Retraces is about as close to a finished play as that wire mesh shadow-ghost is close to a finished human. Tim Summers

Last night, Director Kyle Loven (my dear Lewis, Loss Machine) premiered Retraces at 12th Ave Arts, which will run through Sunday. I saw a press preview on Thursday and was underwhelmed by the show but ultimately jazzed by Amiya Brown's lighting and a few of the cool special FX.

The play feels like a creepy episode of Peanuts, but maybe I only say that because the lead, John Leith, sported a shaved head and wore an oversized mustard-yellow cardigan reminiscent of C. Brown. The other main actor, Ezra Dickinson, silently performance-danced around Leith—sometimes retracing his movements (get it!?)—like some kind of shadow, or a modern dance export of his consciousness. It was as if Schroeder traded in his piano for a pair of mauve tights. (To be fair, Dickinson actually danced in jeans during the show.)

Retraces is a blissfully short, dystopian abstraction. Leith's character seems to be buried in some kind of small apartment in rural Nowheresville, U.S.A. He speaks with an enigmatic friend through a large phone that looks like one of those cell phones from the '90s. There's a enigmatic "They" who may or may not be after Leith's character and who may or may not be communicating enigmatic messages via a gas station marquis board in town. There is tin foil, and that tin foil gets wrapped around weird parts of the actors' bodies in order to amplify the enigmatic messages they receive.

Meanwhile, composer Paurl Walsh stands at a spotlit synth board placed off to the side of the stage and blasts music that only our beloved Dave Segal could love; mostly diving and swelling static mixed in with noises that naturally occur in elevator shafts.

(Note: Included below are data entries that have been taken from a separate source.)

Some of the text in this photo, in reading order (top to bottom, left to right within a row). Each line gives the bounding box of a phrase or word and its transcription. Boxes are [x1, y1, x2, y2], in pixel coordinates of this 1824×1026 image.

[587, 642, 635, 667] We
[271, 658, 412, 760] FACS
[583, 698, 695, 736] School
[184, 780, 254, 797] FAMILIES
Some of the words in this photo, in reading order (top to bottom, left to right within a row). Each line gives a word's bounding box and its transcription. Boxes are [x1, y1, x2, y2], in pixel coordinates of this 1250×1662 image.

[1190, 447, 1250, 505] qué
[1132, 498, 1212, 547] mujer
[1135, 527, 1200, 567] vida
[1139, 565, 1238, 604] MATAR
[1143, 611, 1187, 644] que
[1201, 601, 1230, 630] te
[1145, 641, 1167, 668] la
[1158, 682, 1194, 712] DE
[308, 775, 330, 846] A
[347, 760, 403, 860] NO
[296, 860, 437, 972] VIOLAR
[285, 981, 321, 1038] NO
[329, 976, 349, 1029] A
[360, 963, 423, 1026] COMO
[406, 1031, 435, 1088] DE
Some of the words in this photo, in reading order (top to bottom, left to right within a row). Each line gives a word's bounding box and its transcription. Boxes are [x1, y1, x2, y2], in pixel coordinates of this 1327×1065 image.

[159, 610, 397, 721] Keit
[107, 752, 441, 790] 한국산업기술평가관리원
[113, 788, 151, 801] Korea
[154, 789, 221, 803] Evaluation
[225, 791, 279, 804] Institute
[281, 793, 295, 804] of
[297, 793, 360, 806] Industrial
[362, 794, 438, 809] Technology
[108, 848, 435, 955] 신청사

Despite the fact that I found it hard to get past the dystopian clichés, there was still some cool stuff going on in the realm of "advanced puppetry." Loven created miniature sets, trained a camera on them, and then projected them onto a large screen so it seemed as if the actors were walking around in a 3-D space.

There was some relationship between this projected scene and the live scene, but it was mostly atmospheric. The big thing that happened a couple times: An actor in ninja-like black costume puppetmastered a large tumbleweed across the stage, and then another actor in a ninja-like black costume puppetmastered a mini tumbleweed in front of the camera, which showed up as a large tumbleweed blowing across the scene on the projection. FX such as these were compelling, but they didn't seem integral to the action. As a metaphor, the FX might suggest that the world in which these characters live is a mere projection controlled by the enigmatic "They" (all the world's a stage, yada yada), but the metaphor isn't really explored in the narrative or in the characters' development, so it just feels like dramatic icing.

Weirdly, though, I kinda bonded with the wire mesh shadow-ghost thing you see in the photo above. The actors in ninja-like black costumes would trot out the prop and have it participate in certain activities that would move the plot forward. Sometimes it would just meditate in the middle of the stage. Sometimes, it would kind of swim-float around. If anything, it was the only character who truthfully embodied the play: a sketch of a figure, filigreed with light.